Вытащив фантофон, Громов, даже не взглянув на него, сильно сжал в потной ладони. Он понимал, что сейчас сделает, и не испытывал страха. Должен же когда-то прекратиться этот унизительный розыгрыш, этот всеобщий обман, приносящий ему успех, славу за счет других!
Почему-то с горечью Громов подумал, что остановить его в этот раз некому. Если бы Надя… Но жена последнее время перестала ходить с ним на премьеры. Тот ледок, который появился в их отношениях после возвращения его с гастролей, со временем не растаял, а только помутнел, как бы ослабив ясность представления друг о друге. Громов и не смог бы сейчас уверенно сказать, стала бы отговаривать его Надежда.

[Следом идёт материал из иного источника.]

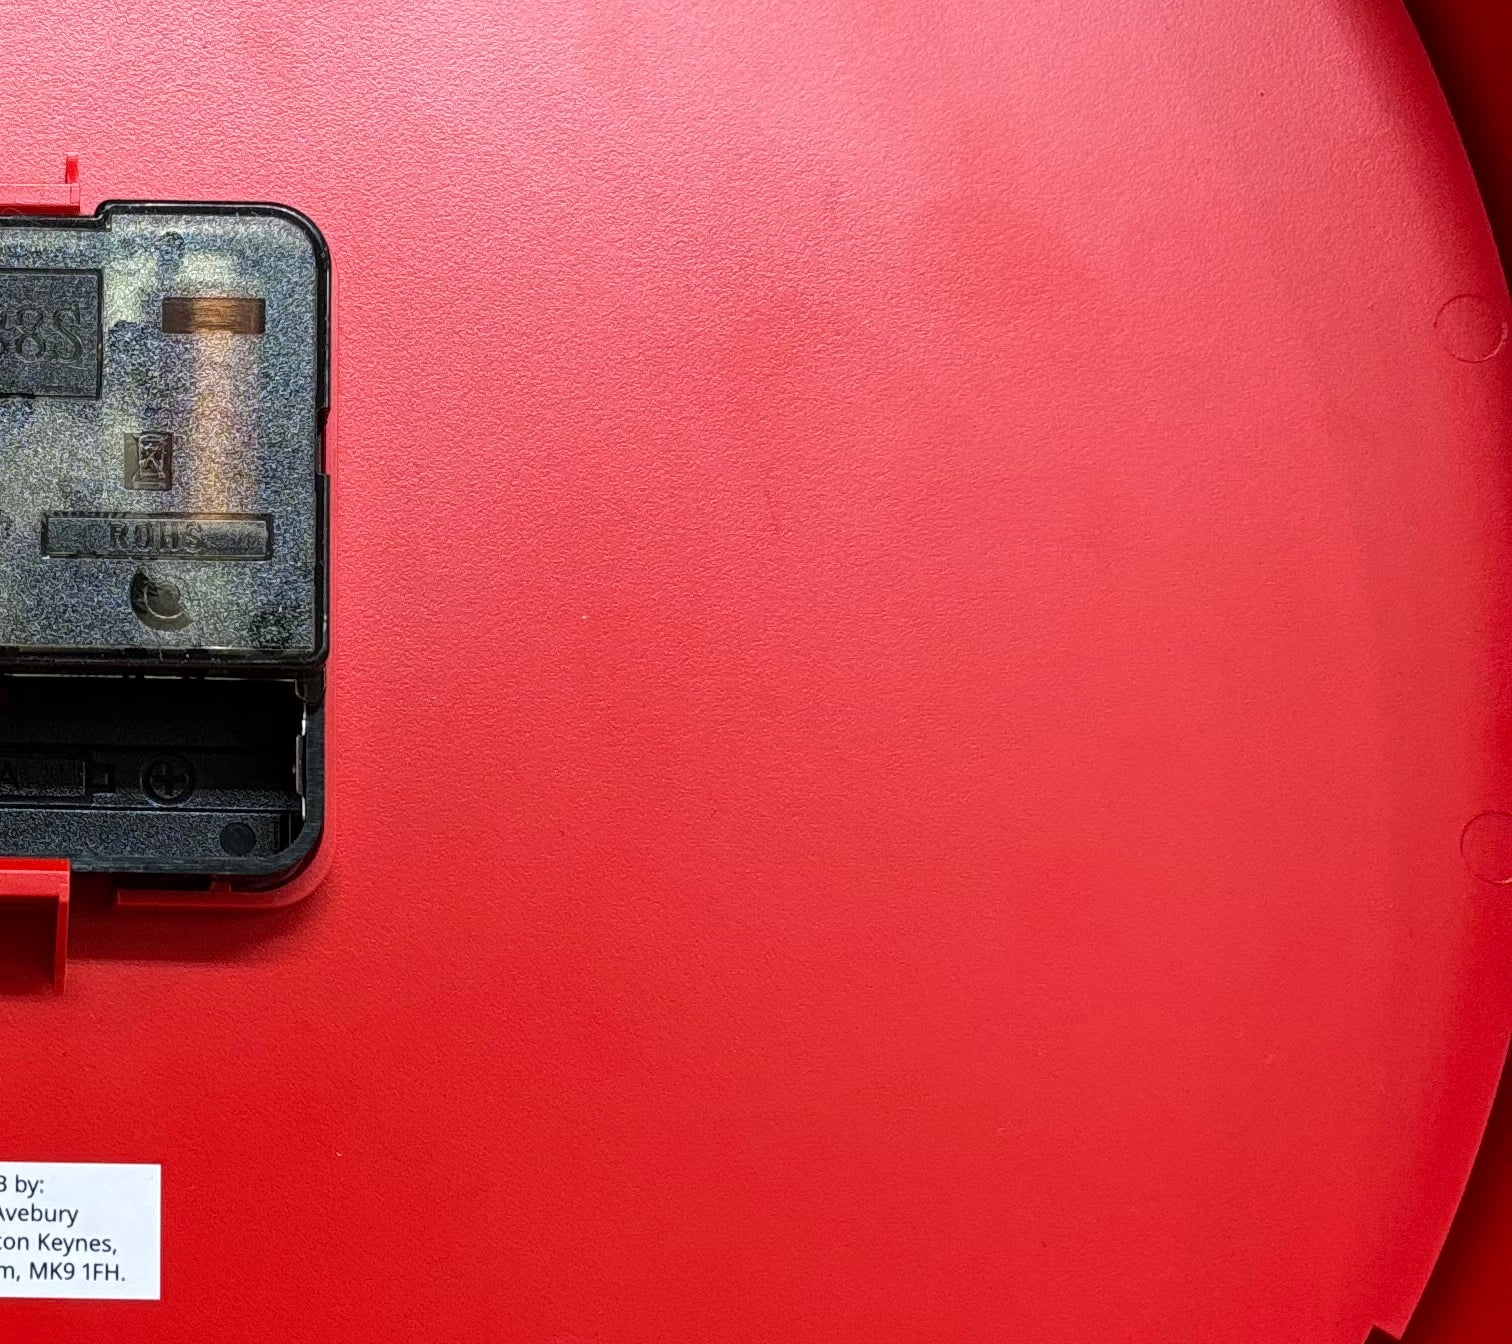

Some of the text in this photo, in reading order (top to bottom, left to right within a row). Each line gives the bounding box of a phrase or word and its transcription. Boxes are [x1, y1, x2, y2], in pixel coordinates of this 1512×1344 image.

Рука, сжимающая фантофон, вдруг вздрогнула. Как, ради чего? А сама опера, которой так и не суждено будет прозвучать до конца? А та адская работа, в какой никто из них не щадил ни физических, ни душевных сил, ни самолюбия? А что станет со стариком Тавьянским?
Громов почувствовал, как ускользает из него решимость. Если не сделать сейчас последнего усилия, то никогда не вырваться из этого круга лжи, замкнутого, точно замочком, маленькой блестящей коробочкой, вмещающей в себя черт знает какой огромный соблазн. Он прикрыл глаза, пытаясь передать остаток воли непослушным вялым пальцам. С огромным напряжением заставил их согнуться, отвердеть. Хрупкий прибор все еще сопротивлялся…
В дверь постучали, и чей-то голос произнес:
– Готовьтесь, ваш выход!
Леонид раскрыл ладонь, посмотрел на фантофон. Тот был цел. Осторожно, боясь, что он выскользнет, положил его во внутренний карман и поднялся. Предстояло следующее действие оперы – самое, пожалуй, трудное.
По коридору навстречу Громову кто-то шел. Он не вглядывался в приближающегося человека, мысленно перенесясь на сцену, откуда уже доносились зовущие аккорды, и только в трех шагах от себя вдруг узнал Шарыгина.